GOAL OF THE EXERCISE: All that is wanted is a word-for-word copy of the line with "this 2212×1659 image." and every line after it in the data below.

───── MATERIAL FOR THIS TASK

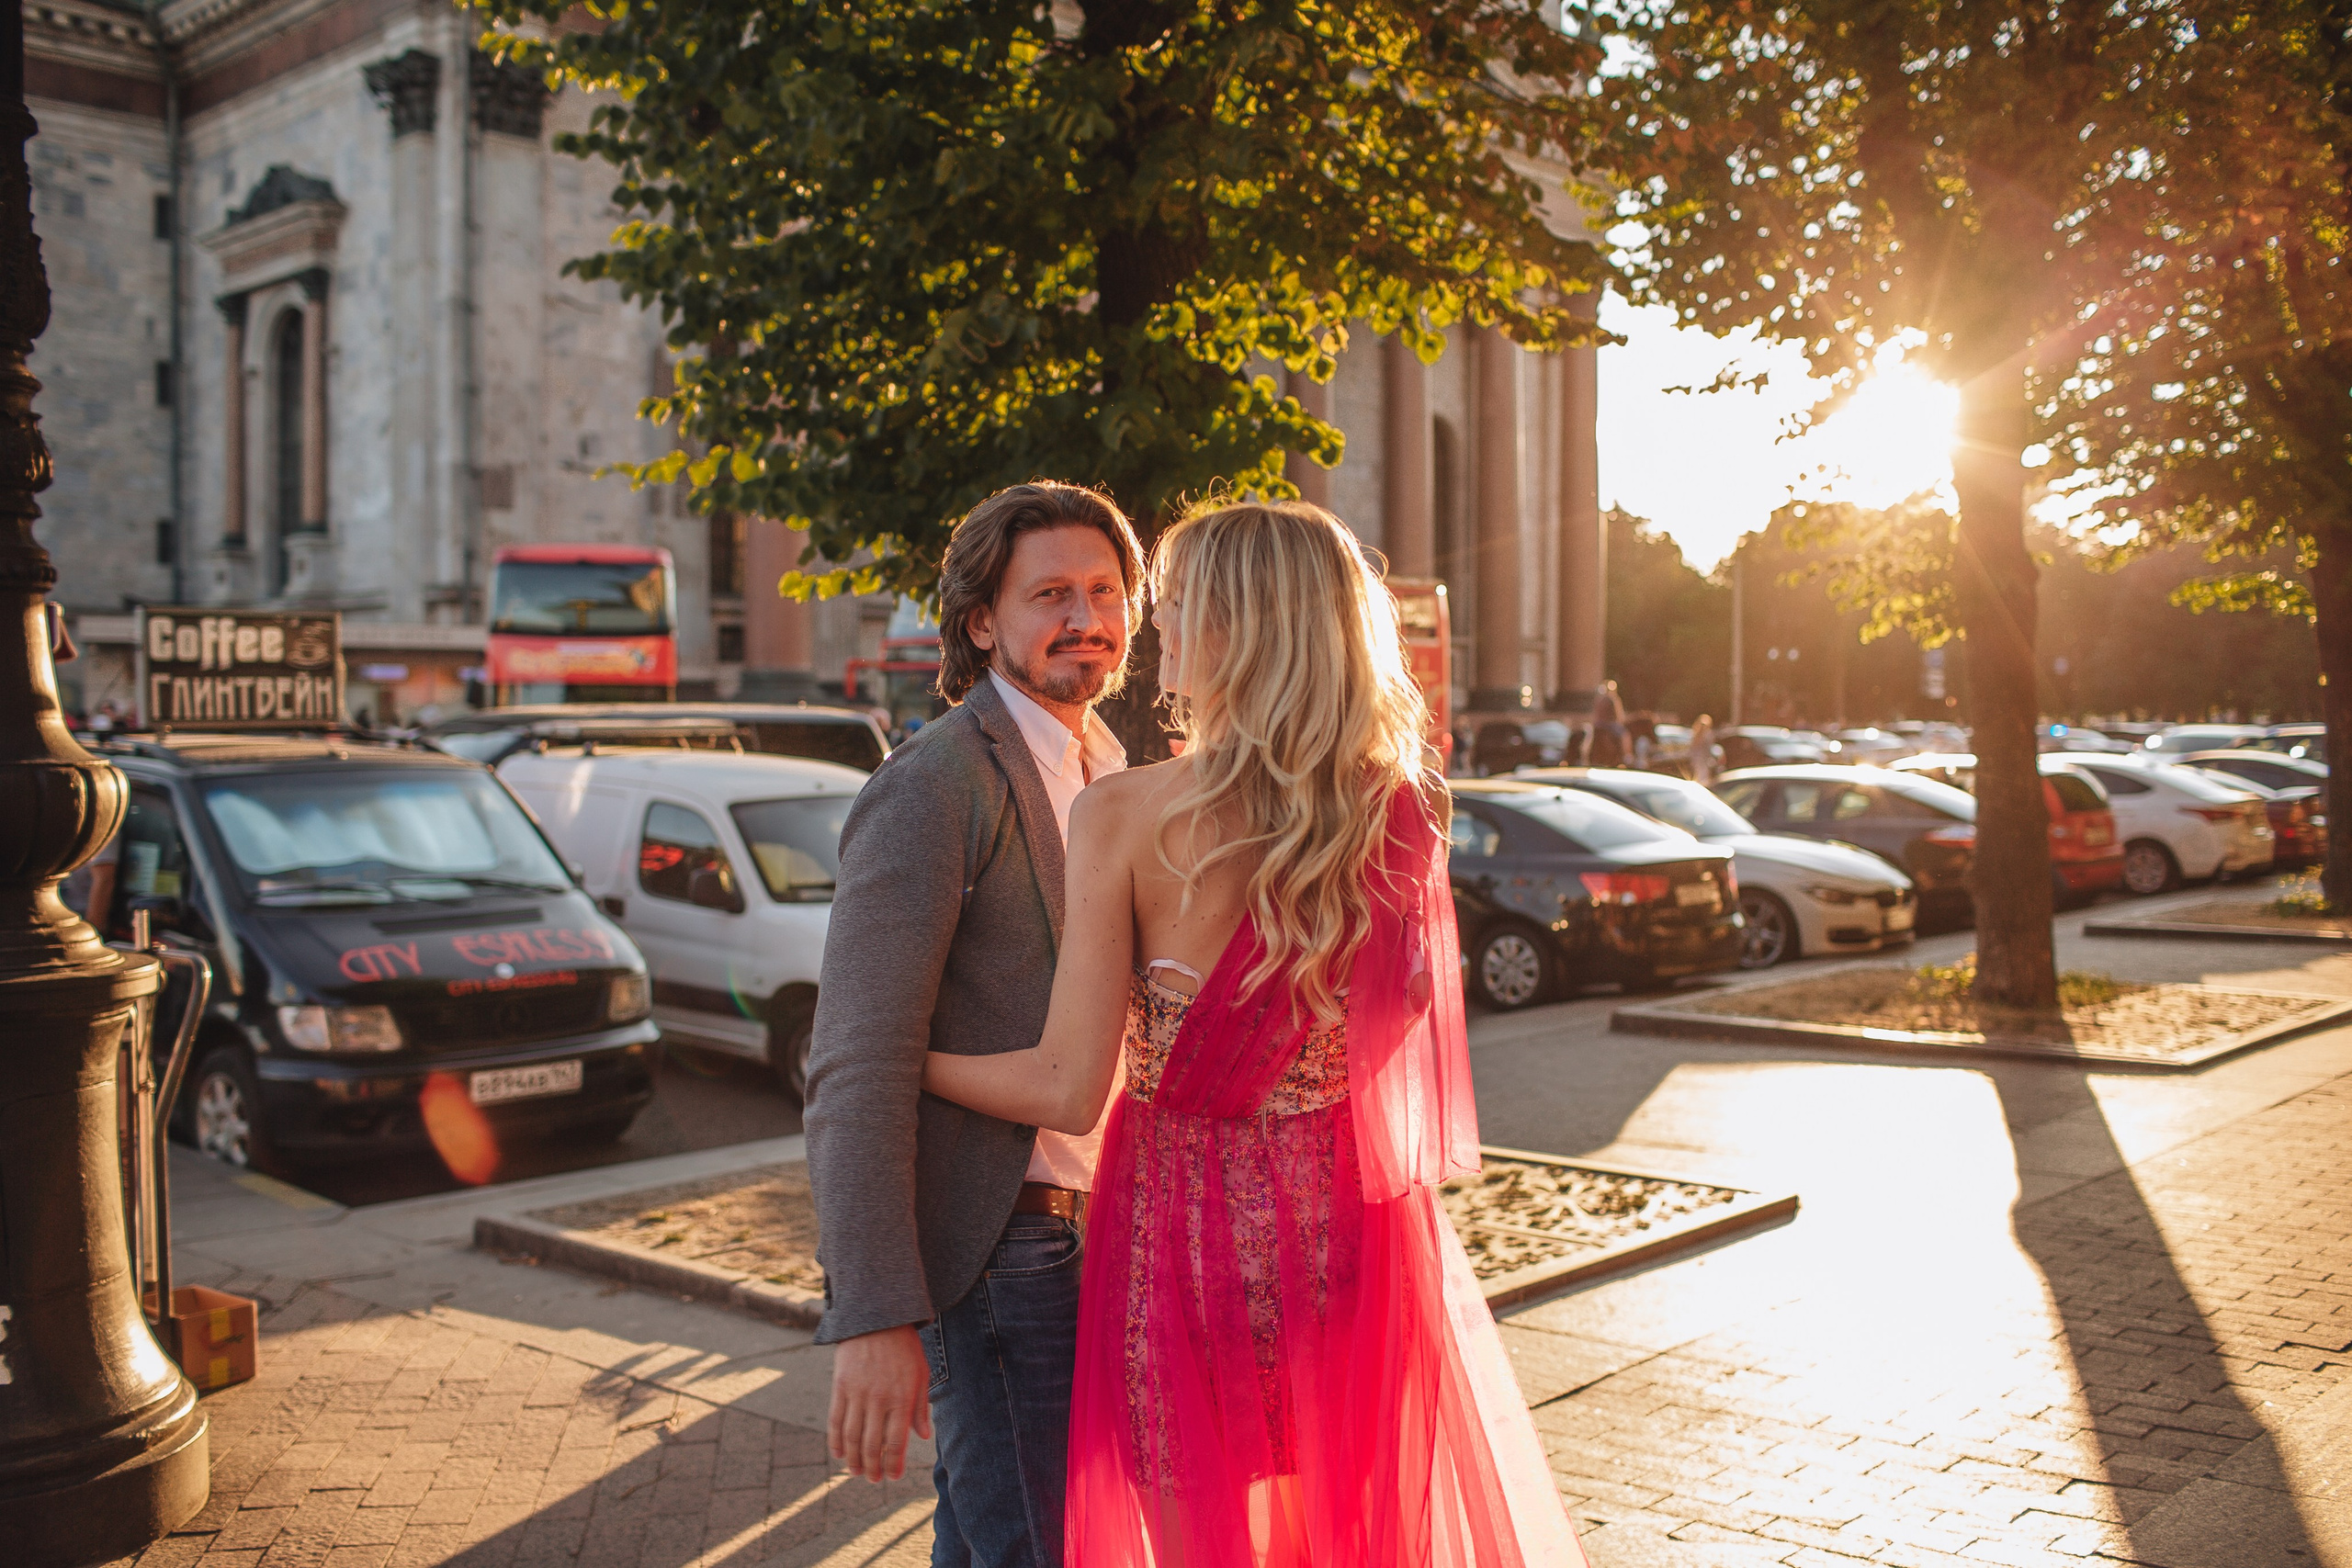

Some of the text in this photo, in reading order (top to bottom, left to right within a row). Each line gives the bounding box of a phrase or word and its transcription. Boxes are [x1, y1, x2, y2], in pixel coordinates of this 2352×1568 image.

[148, 615, 285, 671] Coffee
[150, 671, 334, 721] ГЛИНТВЕЙН
[338, 940, 424, 983] CITY
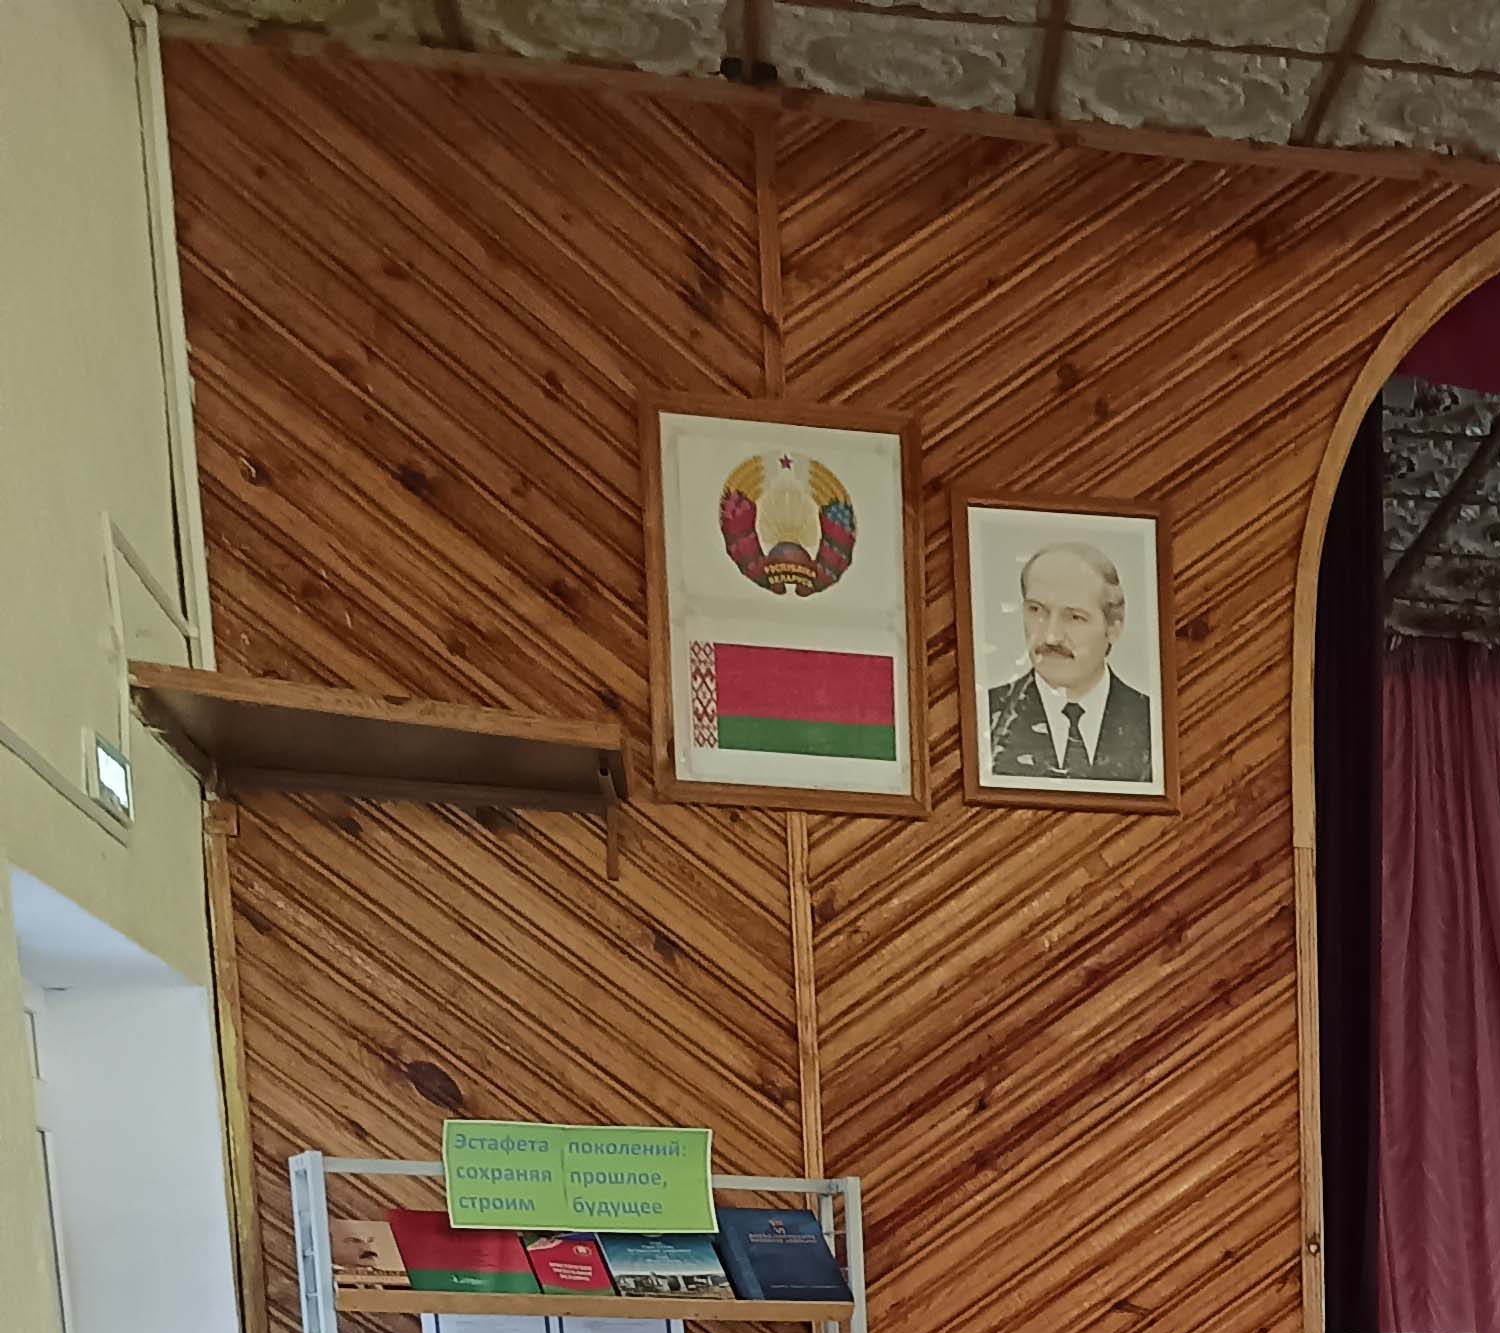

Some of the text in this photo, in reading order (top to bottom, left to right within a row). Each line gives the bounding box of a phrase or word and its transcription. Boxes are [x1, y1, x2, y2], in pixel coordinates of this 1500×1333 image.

[454, 1133, 687, 1157] Эстафета поколений:
[456, 1165, 668, 1188] сохраняя прошлое,
[459, 1196, 663, 1218] строим будущее
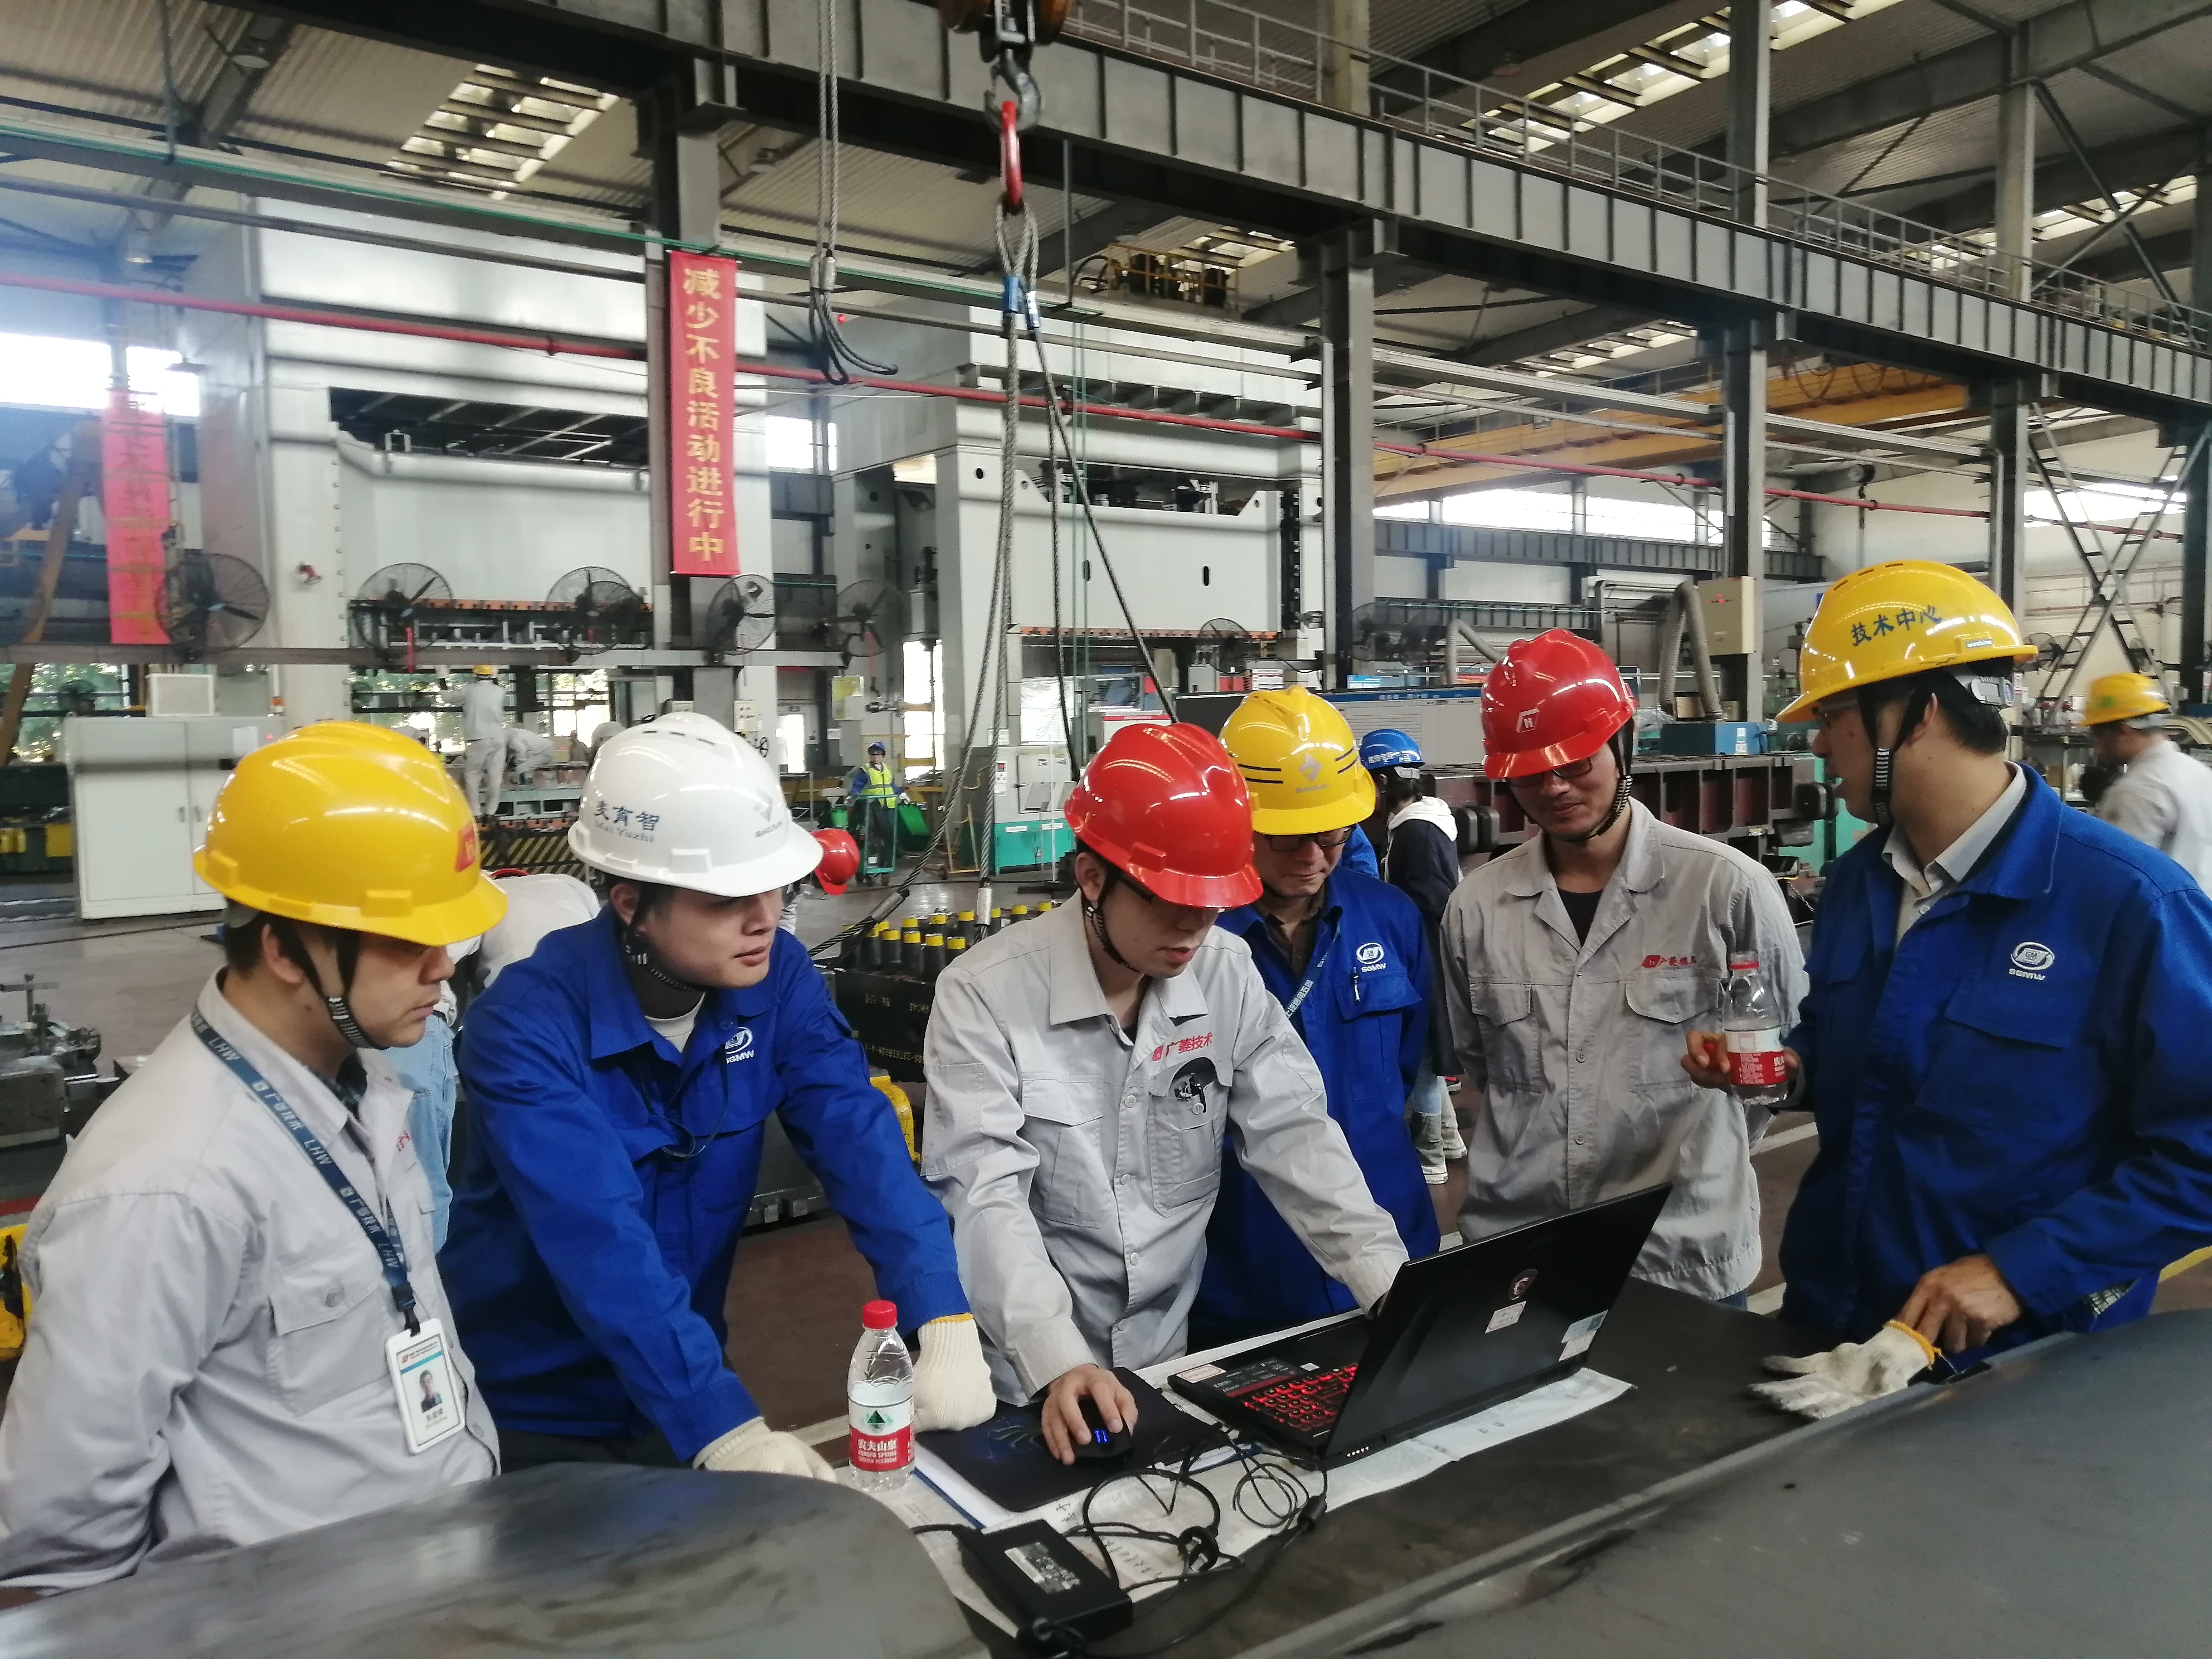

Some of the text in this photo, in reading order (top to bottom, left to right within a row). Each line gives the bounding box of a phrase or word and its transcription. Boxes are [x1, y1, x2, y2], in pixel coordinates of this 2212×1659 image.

[683, 267, 725, 562] 减少不良活动进行中
[1851, 605, 1942, 647] 技术中心
[1361, 963, 1386, 973] SGMW
[2009, 968, 2046, 981] SGMW
[857, 1438, 897, 1451] 农夫山泉

──────────

SOLVED EXERCISE:
Some of the text in this photo, in reading order (top to bottom, left to right within a row). Each line gives the bounding box of a phrase or word and its transcription. Boxes are [x1, y1, x2, y2], in pixel coordinates of this 2212×1659 image.

[683, 267, 725, 562] 减少不良活动进行中
[1851, 605, 1942, 647] 技术中心
[1361, 963, 1386, 973] SGMW
[2009, 968, 2046, 981] SGMW
[857, 1438, 897, 1451] 农夫山泉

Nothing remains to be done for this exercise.